Érotique. Fantasmatique. Spasmodique. Tels sont les mots qui viennent définir le nouveau spectacle de Pal Frenak. Le chorégraphe d’origine hongroise met à jour ses influences cinématographiques en les mêlant à l’art de la danse. Un voyage virtuel en Cadillac blanche dans la mémoire du cinéma sur fond de vidéos ou d’images créées par Philippe Martini. Le cinéma a marqué et marque des générations depuis plus d’un siècle. Pal Frenak met en évidence cet aspect en évoquant par la danse tout un pan du cinéma. Le spectateur peut à travers chaque mouvement, chaque danse, chaque scène se souvenir de sa propre expérience de cinéphile. Des images mentales font surface. Un jeu s’instaure : chercher les références cinématographiques.
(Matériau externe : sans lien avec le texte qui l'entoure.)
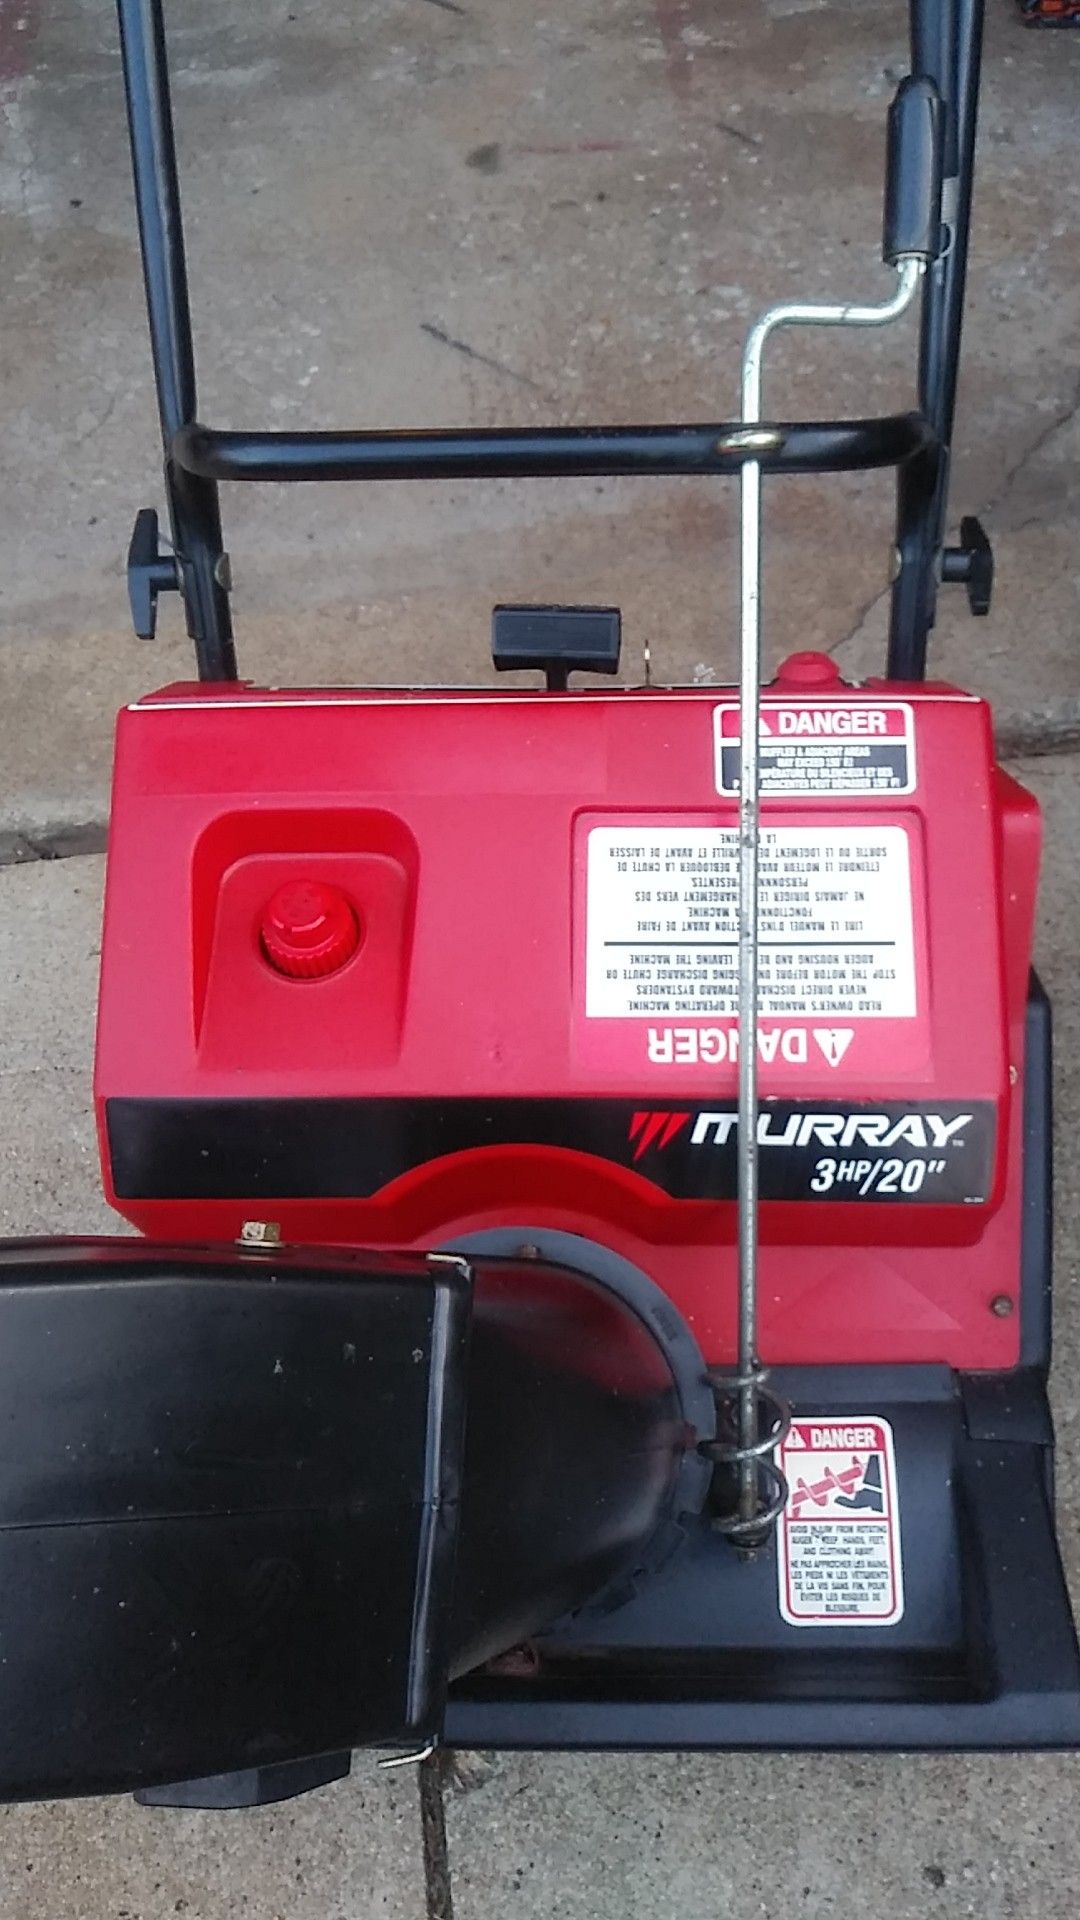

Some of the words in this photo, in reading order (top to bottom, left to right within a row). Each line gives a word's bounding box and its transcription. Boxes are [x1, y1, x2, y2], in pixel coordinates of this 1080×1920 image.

[778, 711, 887, 734] DANGER
[766, 832, 776, 844] LA
[608, 847, 645, 857] LAISSER
[649, 847, 660, 857] DE
[664, 847, 693, 857] AVANT
[698, 847, 707, 857] ET
[774, 847, 820, 857] LOGEMENT
[824, 847, 834, 857] LE
[855, 847, 887, 857] SORTIE
[616, 861, 627, 872] DE
[632, 861, 660, 872] CHUTE
[664, 861, 675, 872] LA
[680, 861, 730, 872] DEBLOQUER
[783, 861, 820, 872] MOTEUR
[824, 861, 833, 872] LE
[838, 861, 880, 872] ETEINDRE
[634, 891, 651, 902] DES
[656, 891, 678, 902] VERS
[760, 891, 768, 902] LE
[774, 891, 810, 902] DIRIGER
[815, 891, 848, 902] JAMAIS
[854, 891, 864, 902] NE
[636, 921, 661, 932] FAIRE
[666, 921, 676, 932] DE
[682, 921, 710, 932] AVANT
[790, 921, 825, 932] MANUEL
[830, 921, 839, 932] LE
[844, 921, 863, 932] LIRE
[676, 954, 691, 964] THE
[696, 954, 732, 964] LEAVING
[775, 954, 792, 964] AND
[798, 954, 838, 964] HOUSING
[844, 954, 874, 964] AUGER
[606, 969, 618, 980] OR
[622, 969, 651, 980] CHUTE
[656, 969, 708, 980] DISCHARGE
[776, 969, 808, 980] BEFORE
[813, 969, 846, 980] MOTOR
[851, 969, 867, 980] THE
[872, 969, 896, 980] STOP
[636, 984, 694, 996] BYSTANDERS
[801, 984, 833, 996] DIRECT
[839, 984, 866, 996] NEVER
[675, 1000, 725, 1011] OPERATING
[769, 1000, 806, 1011] MANUAL
[811, 1000, 853, 1011] OWNER'S
[858, 1000, 882, 1011] READ
[690, 1113, 974, 1147] MURRAY
[810, 1427, 877, 1448] DANGER
On croit alors percevoir une allusion à Thelma et Louise de Ridley Scott lorsque deux jeunes filles prennent place au devant de la Cadillac. Puis à Boulevard de la mort de Quentin Tarantino, à Freddy les griffes de la nuit de Wes Craven, ou à Clint Eastwood. K.Rush affirme cette influence du 7ème art tout en laissant le spectateur s’approprier le spectacle et y voir ce qu’il souhaite. Le philosophe Gille Deleuz l’explique « chacun de nous a plus ou moins le souvenir, l’émotion ou la perception d’un film en mémoire ».
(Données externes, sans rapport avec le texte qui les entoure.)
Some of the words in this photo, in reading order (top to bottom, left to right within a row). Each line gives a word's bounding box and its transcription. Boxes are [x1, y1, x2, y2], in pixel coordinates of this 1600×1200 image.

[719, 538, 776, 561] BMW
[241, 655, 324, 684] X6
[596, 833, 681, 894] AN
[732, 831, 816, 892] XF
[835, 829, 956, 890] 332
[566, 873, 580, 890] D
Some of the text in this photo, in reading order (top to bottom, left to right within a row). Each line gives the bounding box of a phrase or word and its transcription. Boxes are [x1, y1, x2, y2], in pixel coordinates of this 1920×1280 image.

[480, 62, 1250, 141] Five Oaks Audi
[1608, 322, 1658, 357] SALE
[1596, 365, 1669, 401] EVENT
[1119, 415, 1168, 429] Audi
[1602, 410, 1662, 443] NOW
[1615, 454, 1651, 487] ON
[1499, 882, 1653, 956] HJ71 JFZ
Les danseurs s’approprient le processus cinématographique pour l’adapter à la danse. La voiture se déboite, l’angle change. Ce « montage chorégraphique » fait se succéder des plans courts donnant au spectacle un rythme rapide. Tempéré toute fois par l’apparition du chorégraphe au cours du spectacle venant ainsi se confronter à cette jeunesse exaltée. La danse s’inspire du cinéma. Tout comme le cinéma rend hommage à la danse à travers le film Pina de Wim Wenders. L’œuvre filmique réalisée en 3D appréhende l’espace en lui donnant de la profondeur, engendrant un regard nouveau sur l’art de la chorégraphe allemande. Win Wenders et Pal Frenak entremêlent leurs domaines artistiques pour leurs insuffler une énergie nouvelle. Loie Fuller, célèbre danseuse américaine de la Belle Epoque, dit du cinéma qu’il est un moyen de créer un genre nouveau où le film devient « un conte fait de lumière et d’irréel ».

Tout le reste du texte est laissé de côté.